Set down each of the records below exactly as it reads. No pictures go into the copy.

-------- Provided data --------

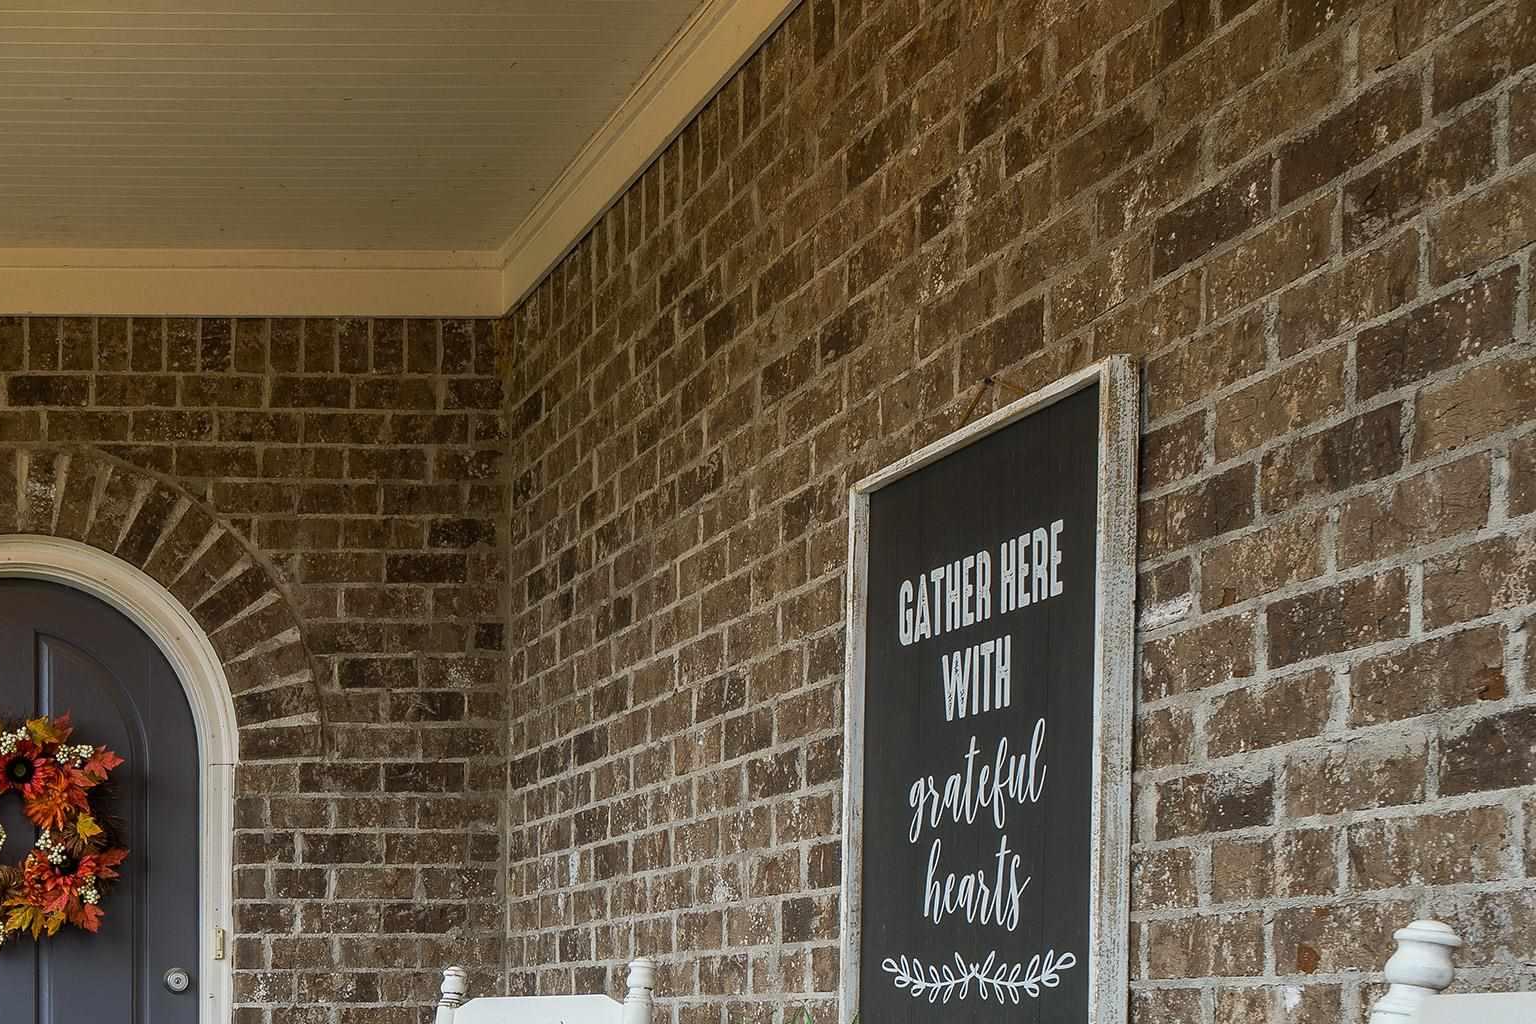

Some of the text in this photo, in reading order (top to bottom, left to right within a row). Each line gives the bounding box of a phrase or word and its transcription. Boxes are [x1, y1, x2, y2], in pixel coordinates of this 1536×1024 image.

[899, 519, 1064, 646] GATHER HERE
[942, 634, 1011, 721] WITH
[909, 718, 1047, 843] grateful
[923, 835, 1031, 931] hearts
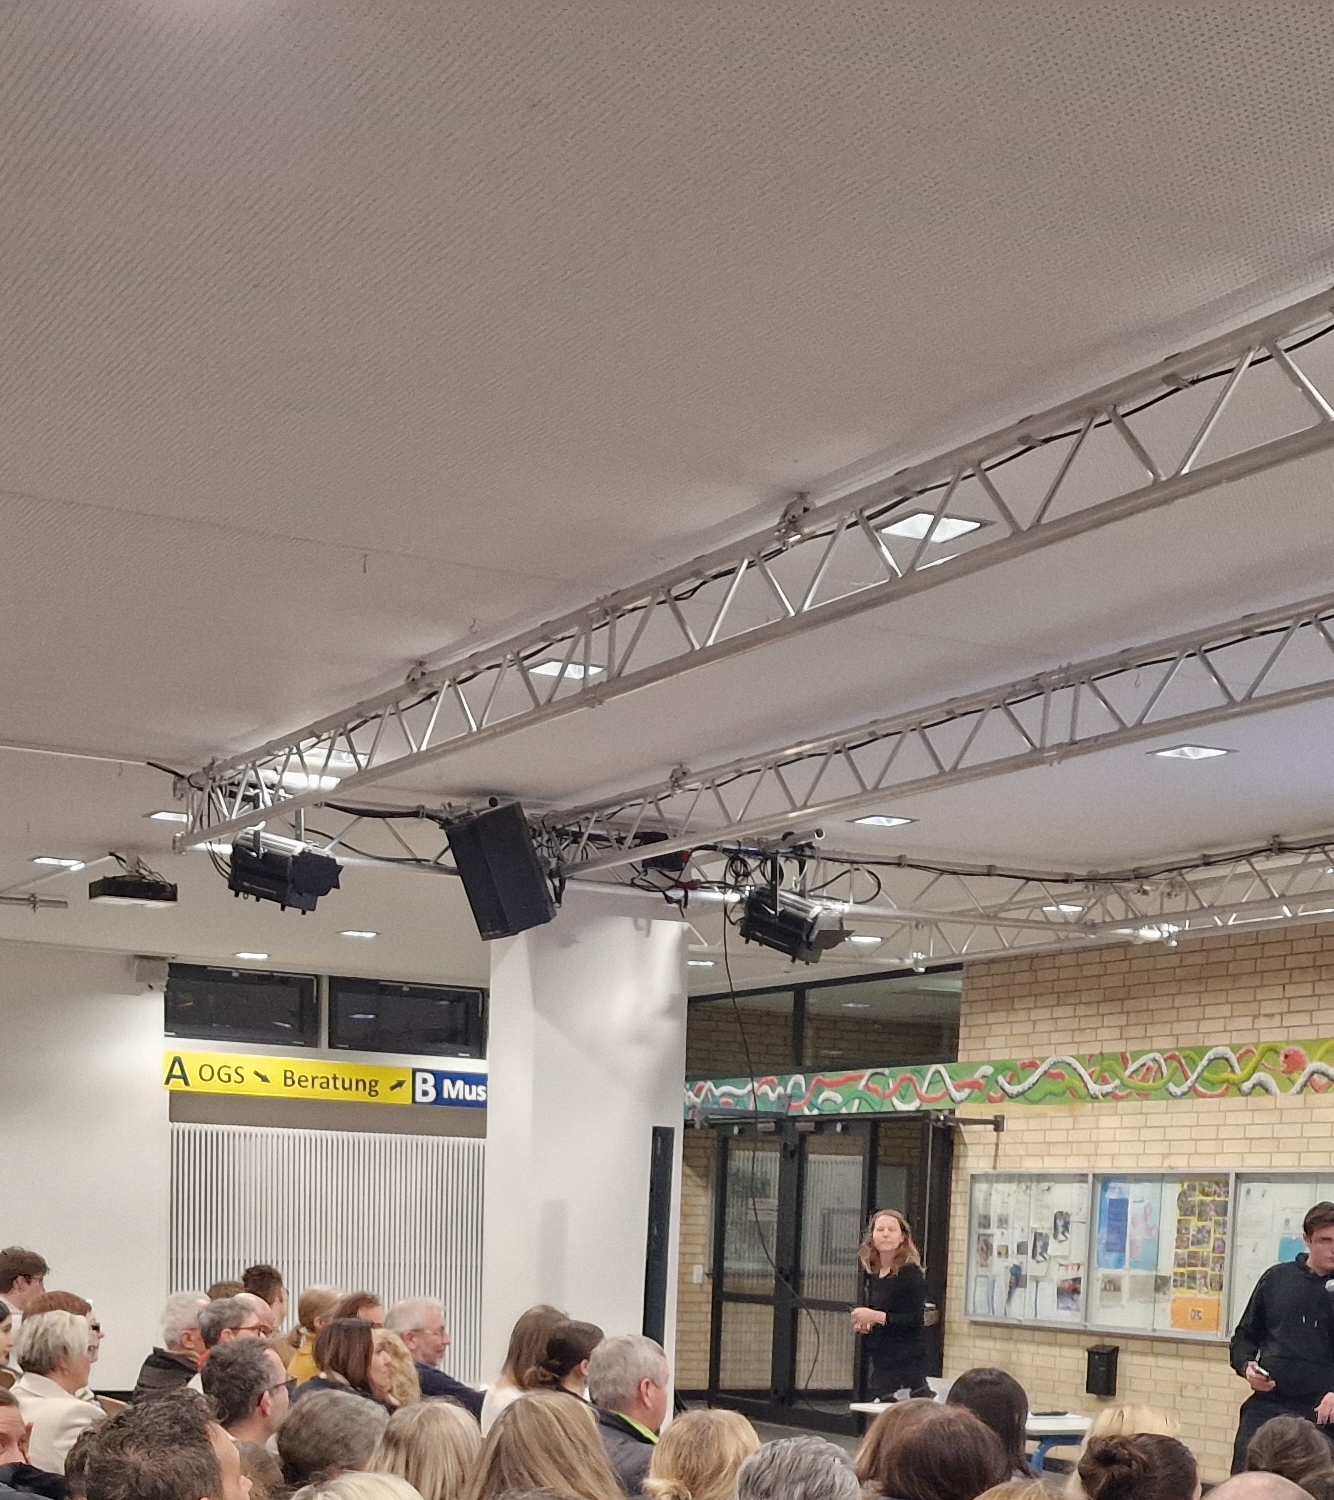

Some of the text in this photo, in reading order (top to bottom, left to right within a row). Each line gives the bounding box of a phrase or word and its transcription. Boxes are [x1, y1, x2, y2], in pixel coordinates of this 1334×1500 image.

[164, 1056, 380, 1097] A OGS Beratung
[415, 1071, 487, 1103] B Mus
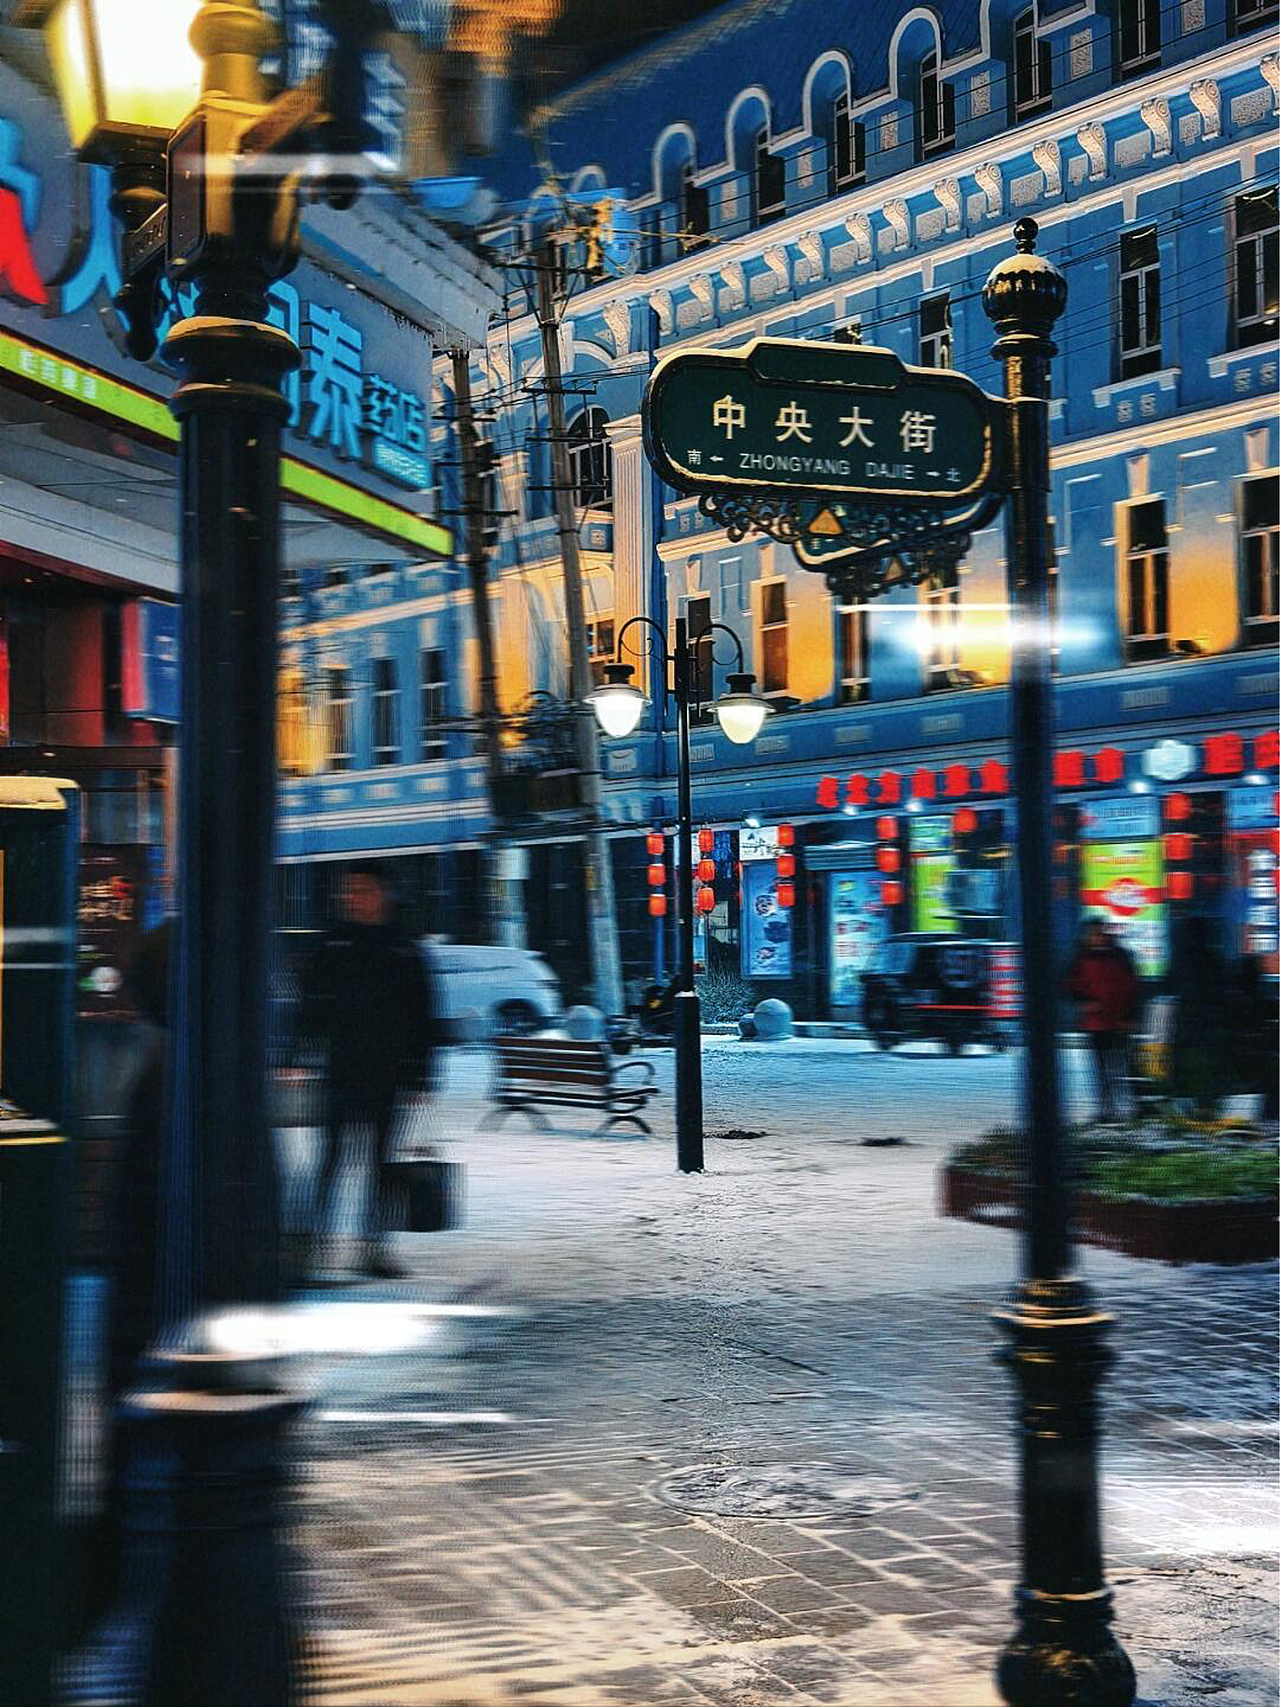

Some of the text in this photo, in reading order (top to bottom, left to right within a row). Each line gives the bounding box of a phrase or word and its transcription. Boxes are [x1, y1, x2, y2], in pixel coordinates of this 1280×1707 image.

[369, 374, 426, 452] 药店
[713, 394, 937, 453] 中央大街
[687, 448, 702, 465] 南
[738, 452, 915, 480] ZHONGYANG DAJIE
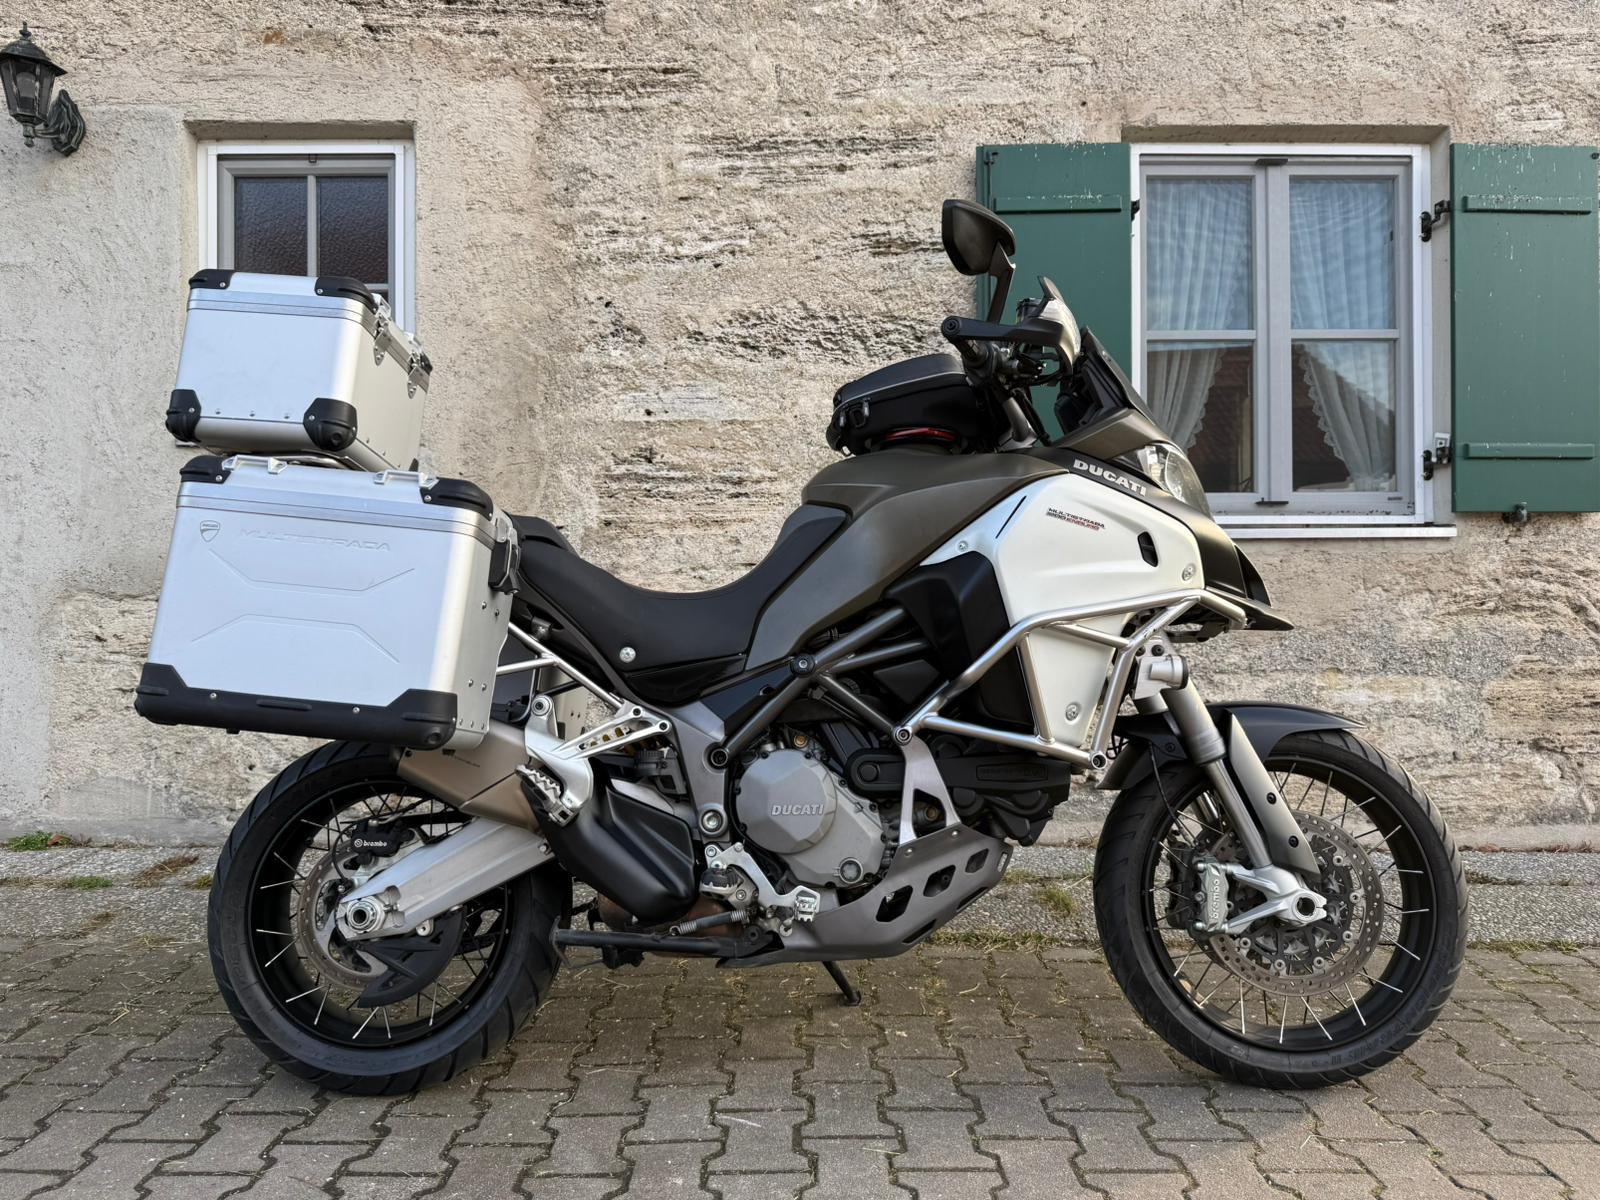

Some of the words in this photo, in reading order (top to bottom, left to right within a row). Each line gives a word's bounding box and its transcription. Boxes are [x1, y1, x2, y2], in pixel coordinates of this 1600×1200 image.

--------

**Task output**
Some of the text in this photo, in reading order (top to bottom, left to right within a row). Each line gives the bounding box of a phrase or word and its transcription. Boxes are [x1, y1, x2, y2], in pixel coordinates of this 1536×1024 image.

[899, 519, 1064, 646] GATHER HERE
[942, 634, 1011, 721] WITH
[909, 718, 1047, 843] grateful
[923, 835, 1031, 931] hearts

Some of the text in this photo, in reading order (top to bottom, left to right within a row). Each line gives the bounding box of a phrase or word and its transcription. Boxes are [x1, y1, x2, y2], in pixel coordinates of this 1334×1500 image.

[164, 1056, 380, 1097] A OGS Beratung
[415, 1071, 487, 1103] B Mus

Some of the text in this photo, in reading order (top to bottom, left to right within a row). Each line gives the bounding box of a phrase or word and its transcription. Boxes are [x1, y1, x2, y2], in pixel coordinates of this 1280×1707 image.

[369, 374, 426, 452] 药店
[713, 394, 937, 453] 中央大街
[687, 448, 702, 465] 南
[738, 452, 915, 480] ZHONGYANG DAJIE

Some of the words in this photo, in reading order (top to bottom, left to right within a row). Each line gives a word's bounding box and its transcription. Boxes are [x1, y1, x2, y2], in pixel coordinates of this 1600×1200 image.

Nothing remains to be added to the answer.